▸ Task requirements: A faithful, word-for-word copy of the data below is required, without pictures.

-- Data for processing follows --

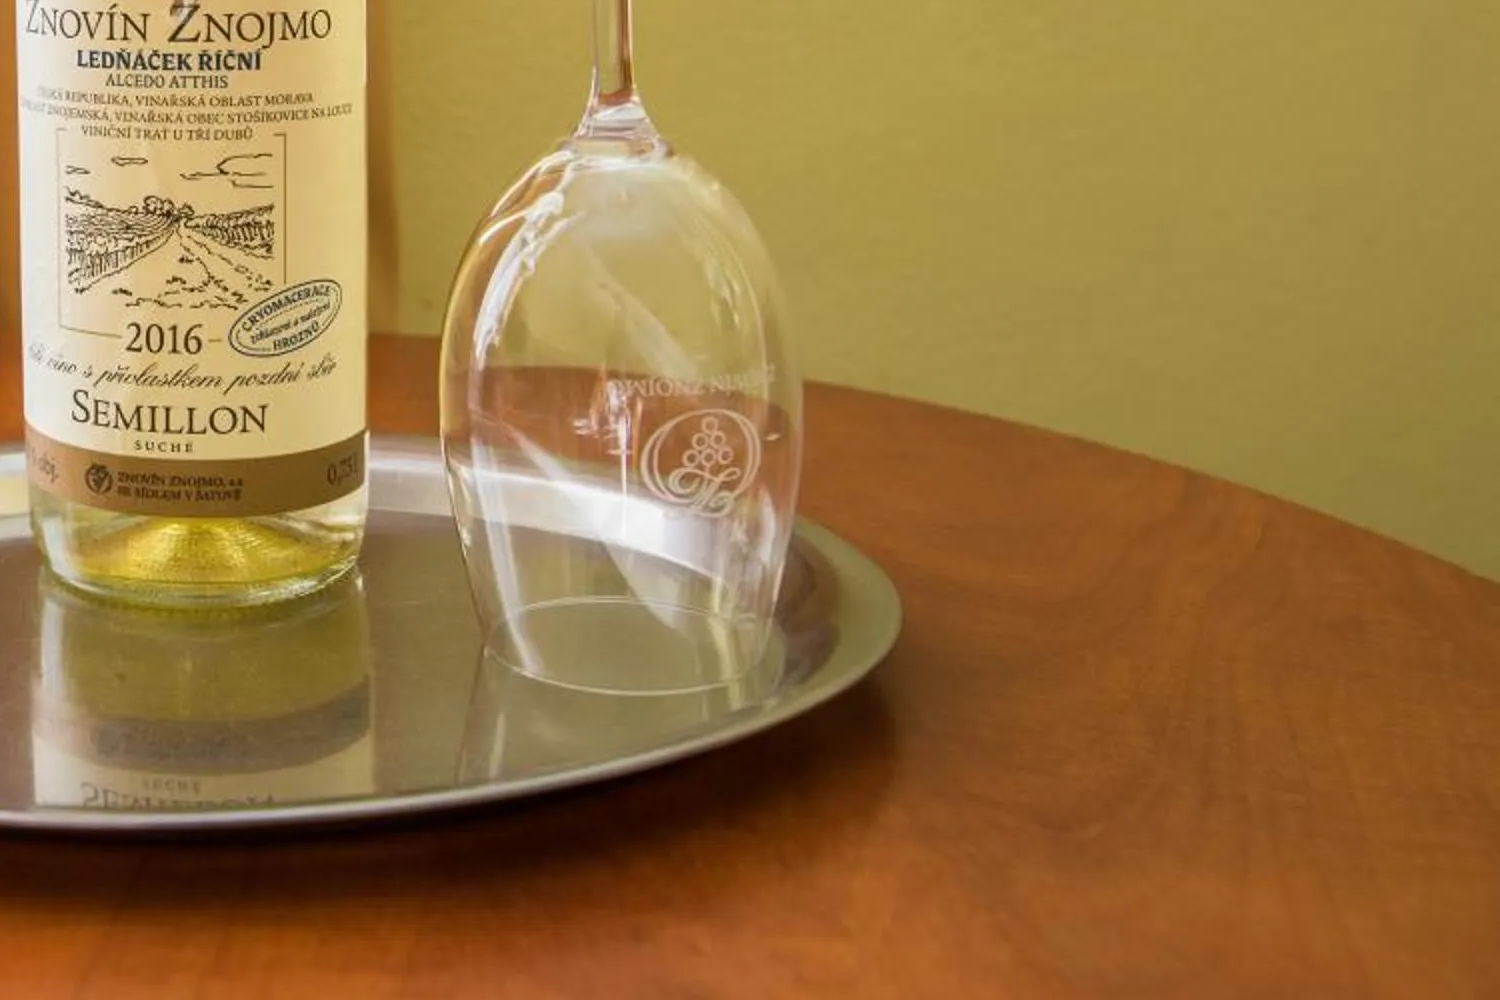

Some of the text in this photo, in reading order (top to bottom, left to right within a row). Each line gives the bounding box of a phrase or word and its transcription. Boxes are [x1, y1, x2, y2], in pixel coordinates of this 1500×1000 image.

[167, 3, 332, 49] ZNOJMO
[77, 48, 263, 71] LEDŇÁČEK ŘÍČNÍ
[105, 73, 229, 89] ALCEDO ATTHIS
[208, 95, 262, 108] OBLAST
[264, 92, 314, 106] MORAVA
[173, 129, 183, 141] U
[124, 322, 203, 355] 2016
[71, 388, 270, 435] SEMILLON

-- Data for processing concluded --

▸ Solved exercise:
Some of the text in this photo, in reading order (top to bottom, left to right within a row). Each line gives the bounding box of a phrase or word and its transcription. Boxes are [x1, y1, x2, y2], in pixel coordinates of this 1500×1000 image.

[167, 3, 332, 49] ZNOJMO
[77, 48, 263, 71] LEDŇÁČEK ŘÍČNÍ
[105, 73, 229, 89] ALCEDO ATTHIS
[208, 95, 262, 108] OBLAST
[264, 92, 314, 106] MORAVA
[173, 129, 183, 141] U
[124, 322, 203, 355] 2016
[71, 388, 270, 435] SEMILLON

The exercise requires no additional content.